Tal vez sin pretenderlo, aunque sí de acuerdo a su conciencia de clase, Samuel García Sepúlveda, gobernador de Nuevo León, coincidió con Susanita, el personaje de la tira cómica Mafalda, cuando en una de las historietas responde a la idea de que “habría que dar techo, trabajo, protección y bienestar a los pobres”, con un contundente “¿Para qué tanto? Bastaría con esconderlos”. Y también
limitarles el acceso a presenciar los partidos hasta por transmisiones públicas, podría agregar la FIFA en conjunto con las plataformas a las que autorizó para comercializar las transmisiones para negocios como bares y restaurantes. Según el sapo es la pedrada, es el mensaje de la Cámara Nacional de la Industria Restaurantera y de Alimentos Condimentados (Canirac) de Yucatán, pues van desde establecimientos de cinco mesas hasta los de más de 20, pero a todos se les indica que es “por televisor”. lo que deja fuera especialmente a las empresas más pequeñas y muchas medianas para las que contratar el paquete respectivo puede representarles un gasto que compromete sus ingresos por lo que queda del año, por lo menos.

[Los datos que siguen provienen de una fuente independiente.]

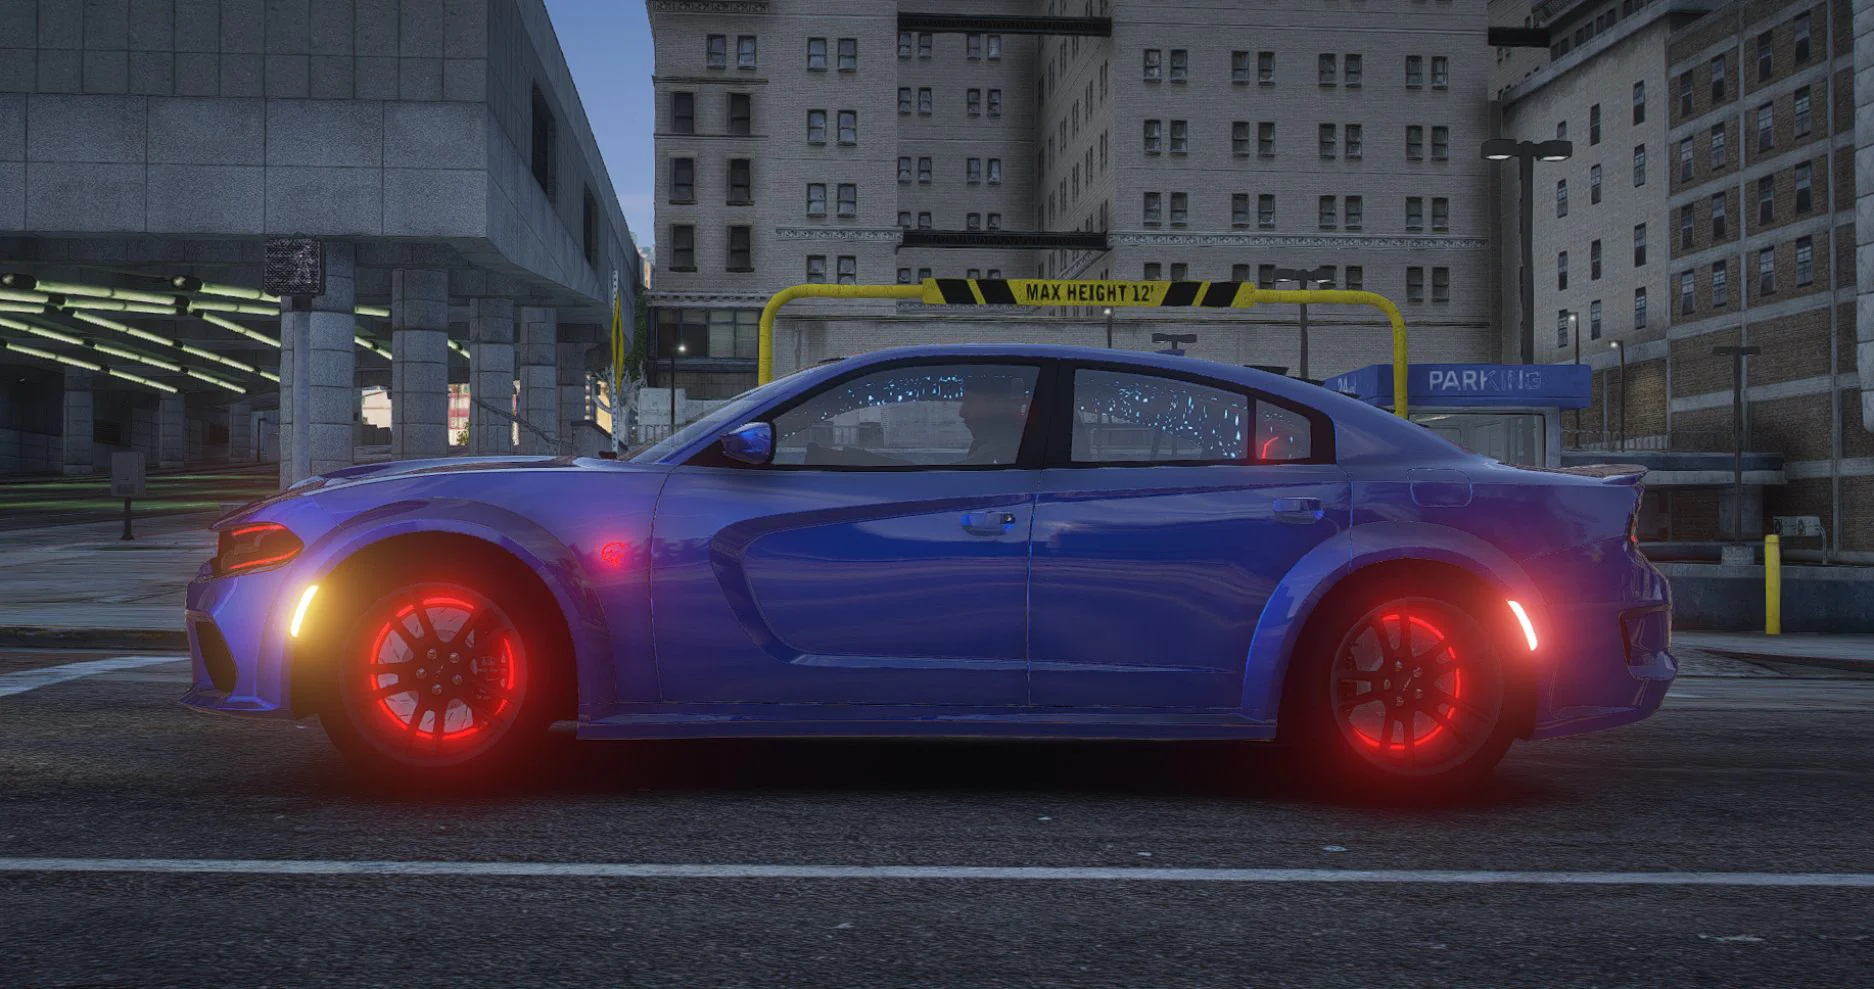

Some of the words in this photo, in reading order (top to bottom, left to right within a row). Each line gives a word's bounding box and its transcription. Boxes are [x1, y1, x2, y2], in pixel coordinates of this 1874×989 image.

[1026, 283, 1060, 301] MAX
[1067, 283, 1126, 302] HEIGHT
[1132, 284, 1154, 302] 12'
[1429, 370, 1541, 391] PARKING

Queda preguntar qué motiva el convertir el entretenimiento en lujo reservado a unos cuantos, pues el fenómeno de exclusión de la afición popular lleva incluso siglos repitiéndose, y ya se dio antes con la ópera, el teatro, el cine, el circo, y ahora con los deportes. Pero sobre todo, si el esquema de venderle a los ricos que acuden a “ser vistos” deja dividendos a largo plazo, como sí lo hace el contar con una afición que podría acudir todos los días que haya juego, si el costo lo permitiera.